Column (3) includes subjects' expected trust rates as a control. The coefficient for fWHR increases in significance and absolute value whereas the one for 2D:4D decreases. An increase of one standard deviation in fWHR now leads to a reduction in lying by 6.6 pp, and an increase in the latter to a decrease by 5.4 pp.

Result 2. Higher fWHR and higher exposure to prenatal testosterone are associated to less lying.

The positive coefficient for beliefs implies that participants who believed that a higher fraction of receivers would trust messages were more likely to lie.15 The coefficient is highly significant and its size is substantial: a standard deviation increase in the expected trust rate translates into a 6.7 pp increase in the probability of lying.

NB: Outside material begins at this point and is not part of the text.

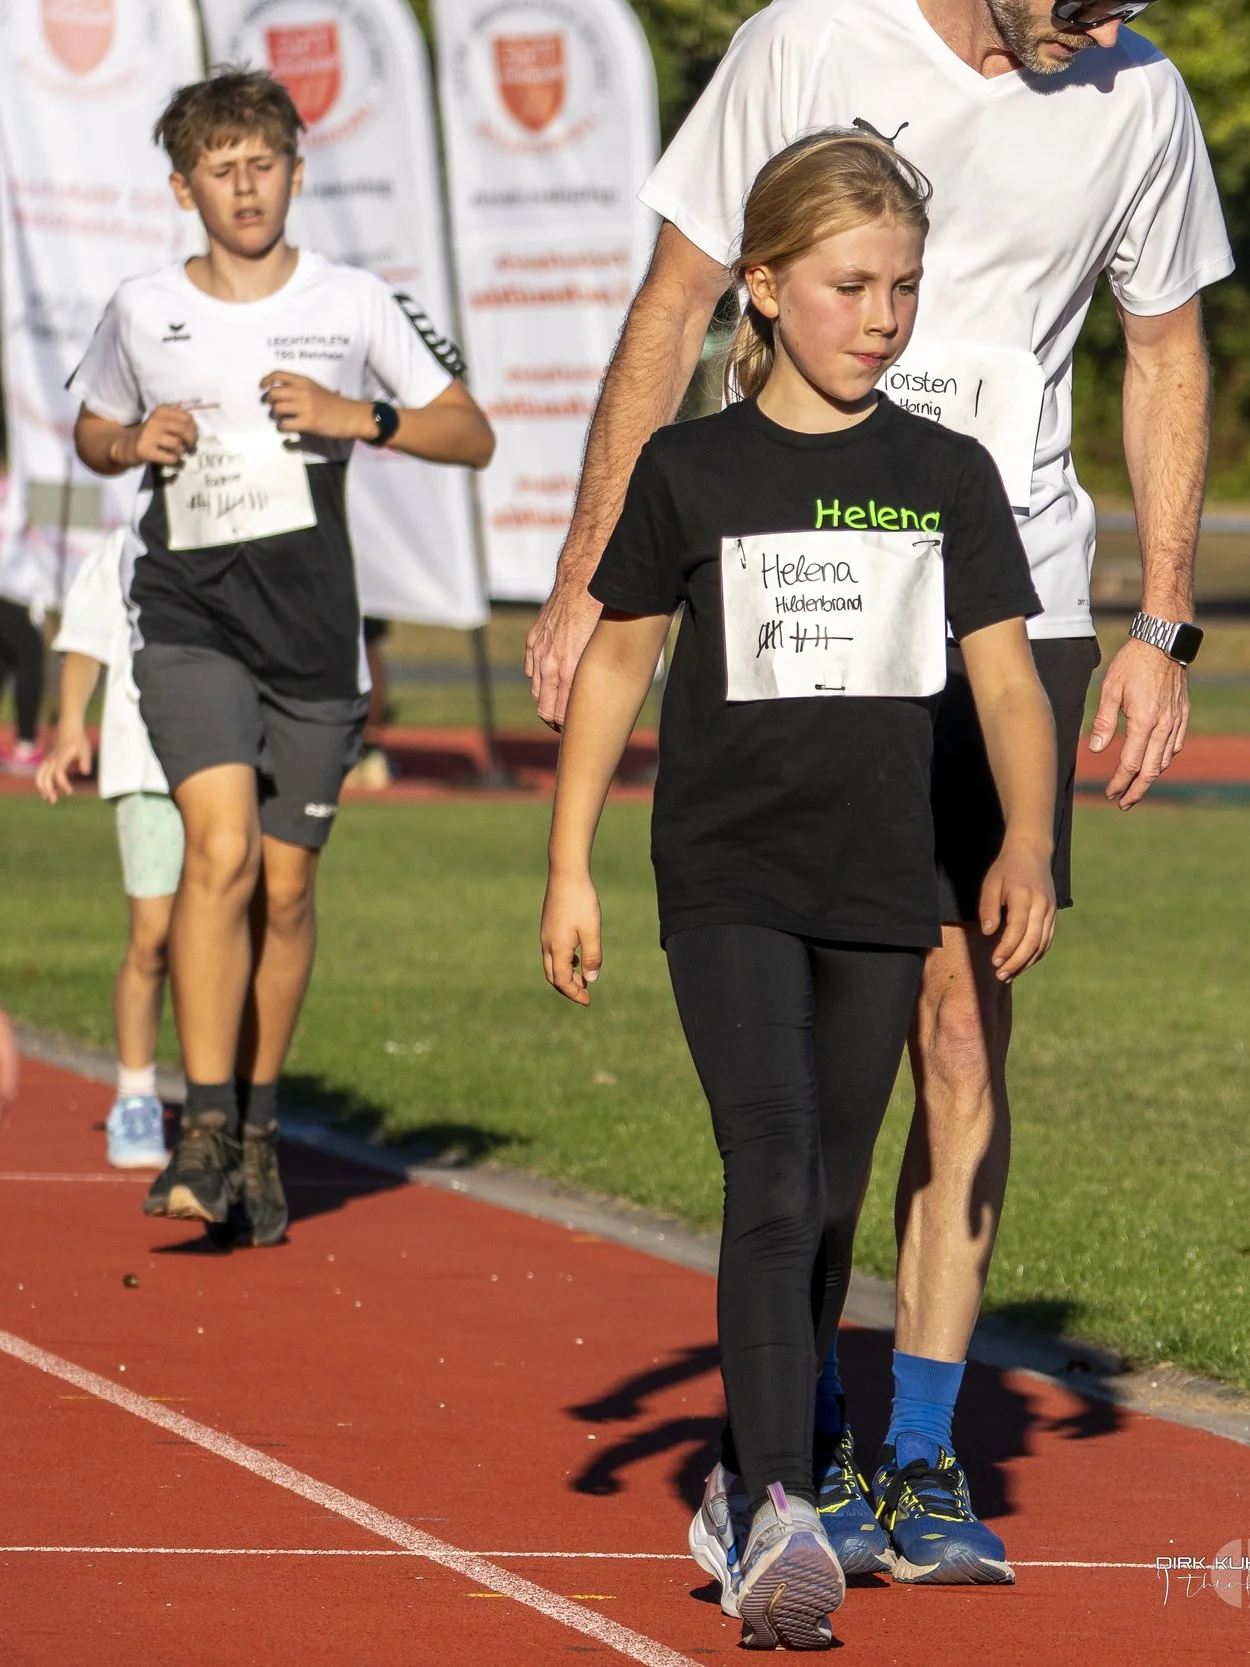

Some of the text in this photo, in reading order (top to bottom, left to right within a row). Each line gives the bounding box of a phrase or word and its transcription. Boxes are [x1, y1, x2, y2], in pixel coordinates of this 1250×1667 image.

[900, 398, 942, 422] Hornig
[815, 499, 941, 533] Helena
[761, 552, 859, 589] Helena

Preferences vs. beliefs. The regression in column (3) is also important because it allows us to explore the extent to which the association between our masculine traits and lying behavior operates through beliefs about the behavior of others, through preferences, or both (Eisenegger et al., 2012). Assuming that sender's behavior depends on preferences, i.e., lying aversion, and beliefs about receivers' behavior and that, in turn, both preferences and beliefs vary with masculine traits implies that column (2) estimate the total association of our biomarkers with dishonesty. When in column (3) we control for participants' beliefs about trust rates we would be estimating the indirect association of the trait via preferences as we would be switching off the beliefs channel. This implies that the differences in estimates between those in columns (2) and (3) allows us to measure the size of the effect of our masculine traits on lying operating through beliefs. The sizes of these effects are all very small, approximately 0.08 pp for a one standard deviation increase in fWHR and –0.07pp for a one standard deviation increase in fMM and 2D:4D. This would corroborate the following result:

Result 3: Masculine markers have a statistically significant but weak association with lying via beliefs about the behavior of receivers.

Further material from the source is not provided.